** Material for this task follows **
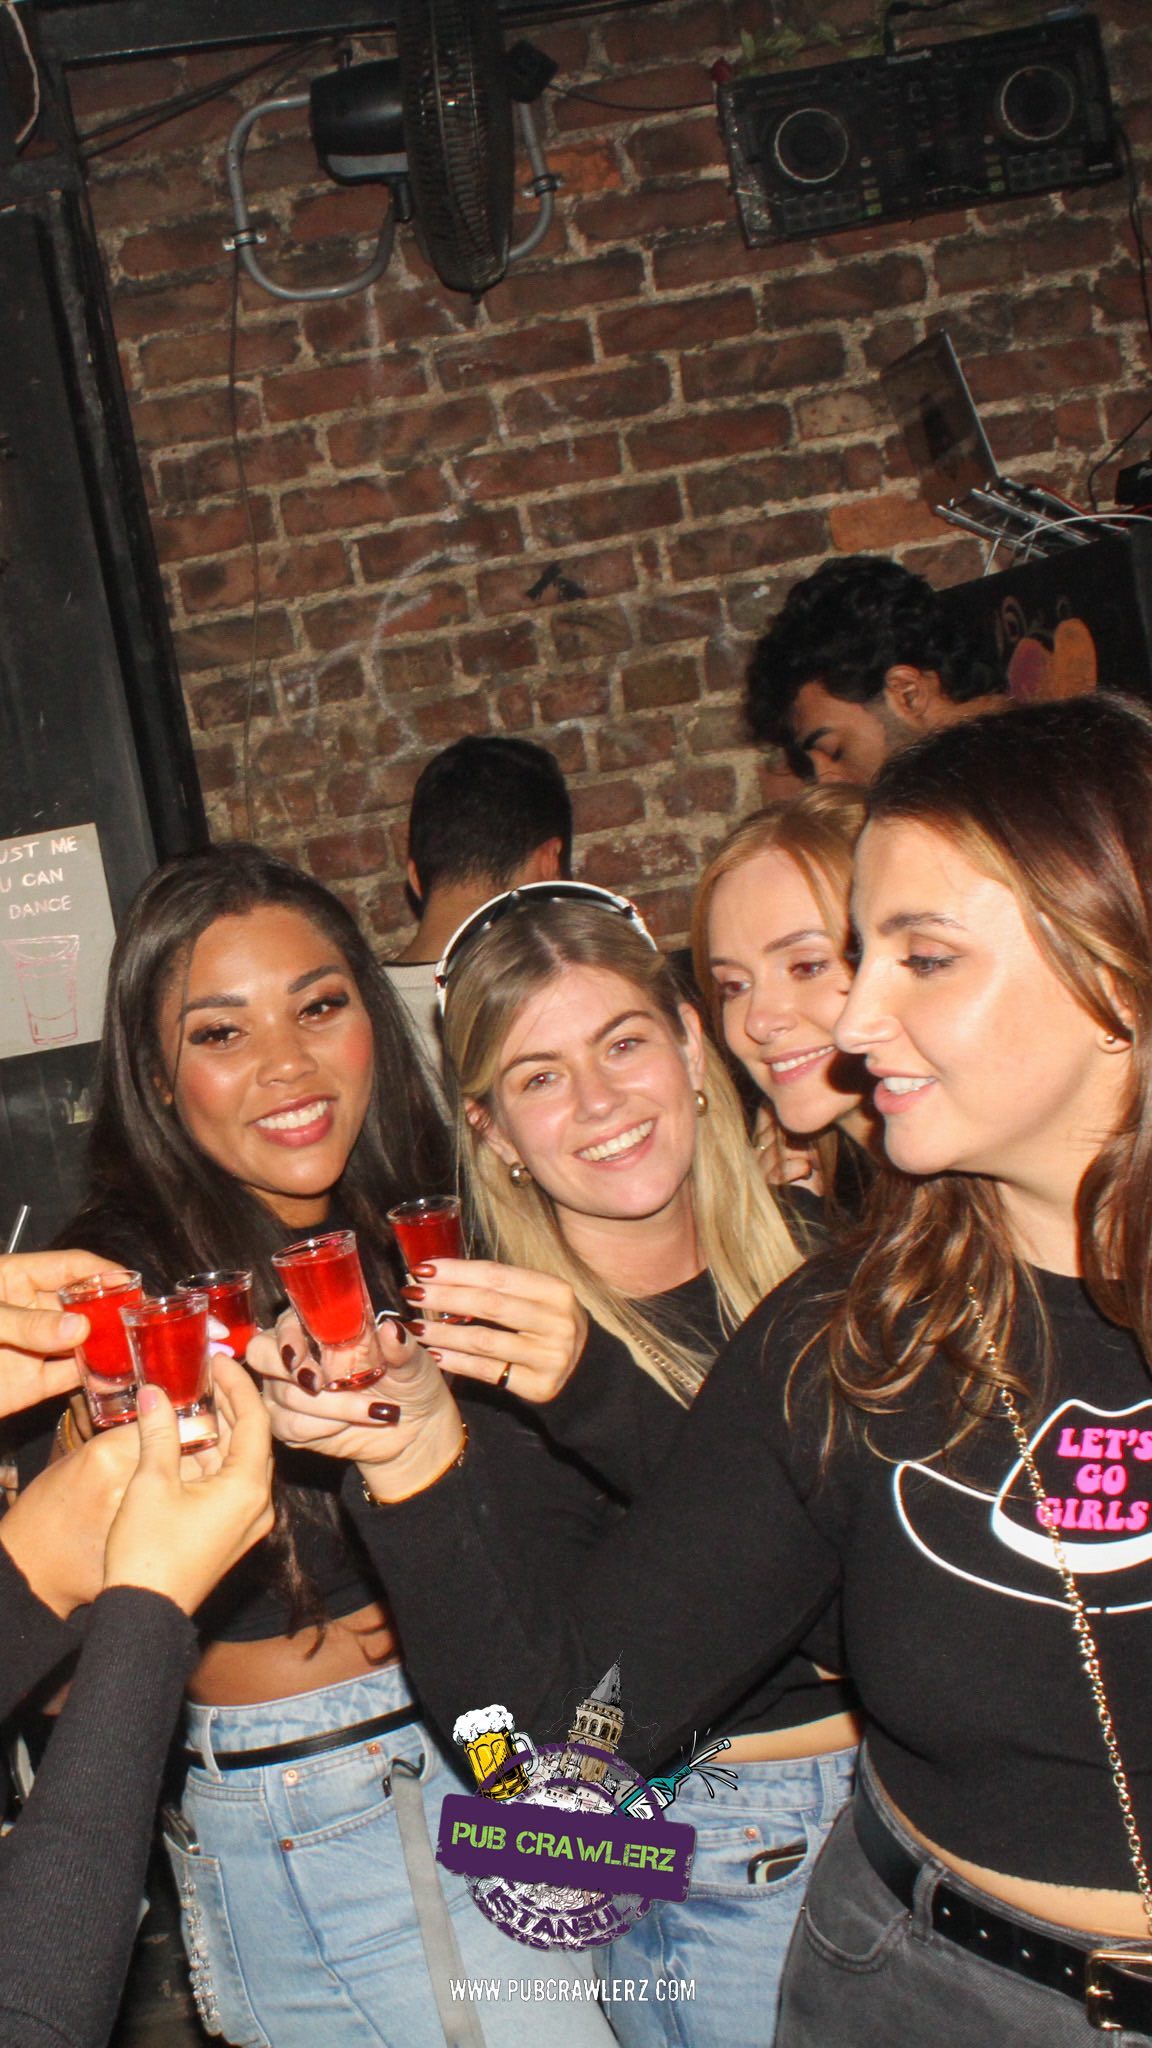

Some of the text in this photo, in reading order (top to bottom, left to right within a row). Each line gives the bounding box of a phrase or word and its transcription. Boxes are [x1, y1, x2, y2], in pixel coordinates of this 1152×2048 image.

[50, 835, 79, 855] ME
[22, 867, 64, 887] CAN
[9, 894, 72, 920] DANCE
[1057, 1427, 1152, 1461] LET'S
[1076, 1463, 1127, 1495] GO
[1036, 1497, 1150, 1531] GIRLS
** End of Material for this task **
Work instructions
Retype the records above line for line and exactly, omitting their pictures.

Answer area
Some of the text in this photo, in reading order (top to bottom, left to right within a row). Each line gives the bounding box of a phrase or word and its transcription. Boxes are [x1, y1, x2, y2], in pixel coordinates of this 1152×2048 image.

[50, 835, 79, 855] ME
[22, 867, 64, 887] CAN
[9, 894, 72, 920] DANCE
[1057, 1427, 1152, 1461] LET'S
[1076, 1463, 1127, 1495] GO
[1036, 1497, 1150, 1531] GIRLS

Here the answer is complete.